Re: [whatwg/dom] Add a way to identify Abort errors originating from controllers (Issue #1033)

@domenic Checking the error is not sufficient if you don't control the `signal`. When you expose an API that takes a `signal`, you no longer control it. Eg. for this, you now[^1] need to check the `signal` to safely drop retries:

```js
export async function retryableGetBlob(url, { signal, retries } = {}) {
  try {
    const res = await fetch(url, { signal });

    if (res.status !== 200 && res.status !== 204) {
       throw new BadResponseError(res.status);
    }

    return await res.blob();
  }
  catch (err) {
    if (signal?.aborted) {
      throw signal.reason !== undefined ? signal.reason : new DOMException('User abort', 'AbortError');
    }

    if (!retries || isFatalError(err)) {
      recordUpstreamFailureMetric(err);
      throw err;
    }

    // retry on soft errors

    return retryableGetJson(url, { signal, retries: retries - 1 });
  }
}
```

Here you don't want to call `recordUpstreamFailureMetric()` on API caller aborts, no matter how it is aborted.
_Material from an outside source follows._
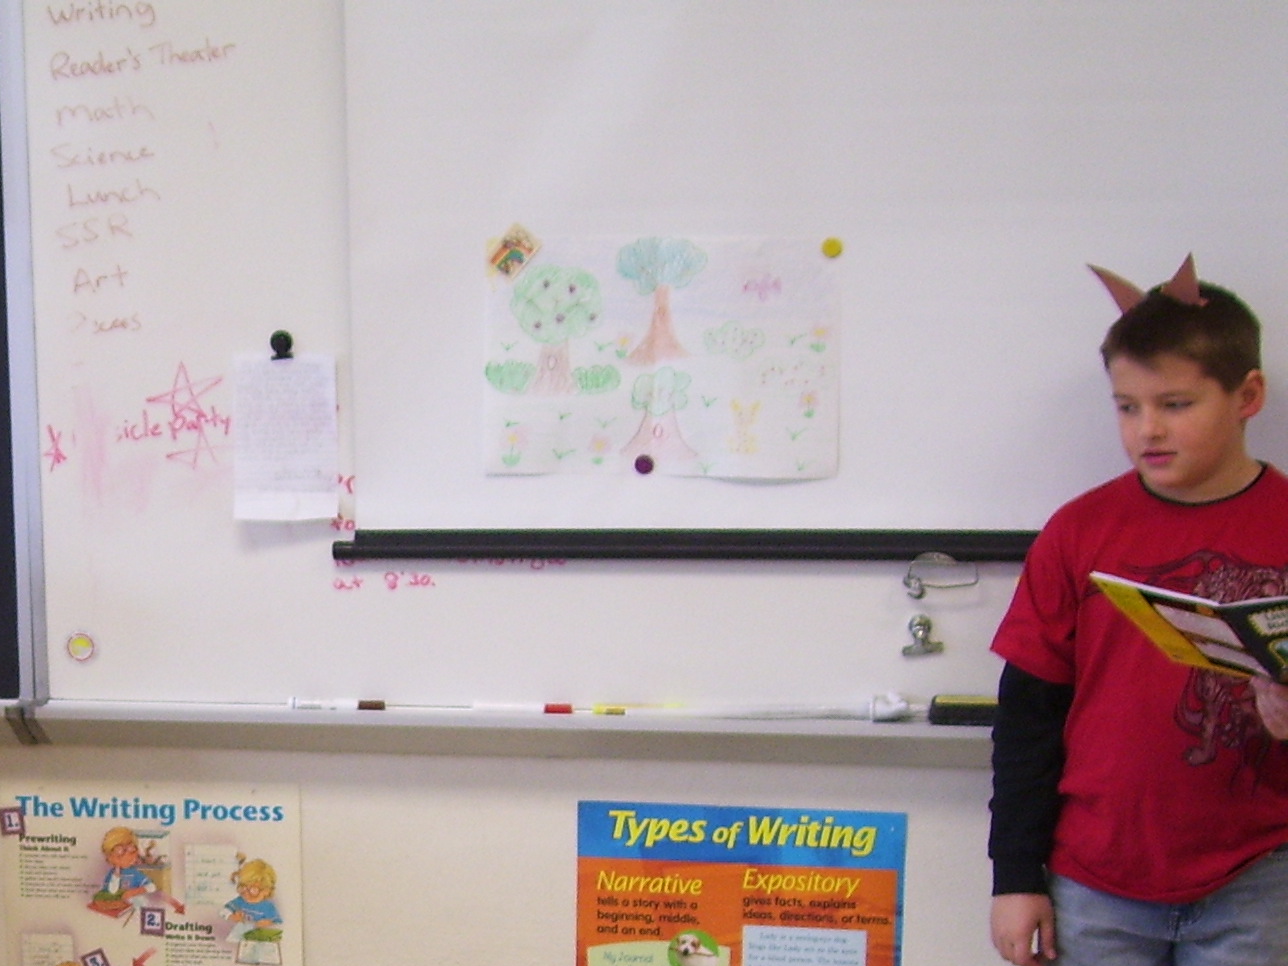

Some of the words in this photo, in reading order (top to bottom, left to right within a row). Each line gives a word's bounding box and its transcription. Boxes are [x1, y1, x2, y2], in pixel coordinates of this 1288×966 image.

Additionally without the guard, an `ac.abort(/* <something that looks like a soft error> */)` would repeatedly call `fetch` with an aborted `signal` until `retries === 0`.

This is probably how it should be, and I like the power that `signal.reason` provides the `AbortController` owner. It just means that API providers will need to check `signal.aborted` *before* checking the error when calling an API with a forwarded `signal`. Similar to how API providers need to check `signal.aborted` after calls to async methods that don't support cancellations.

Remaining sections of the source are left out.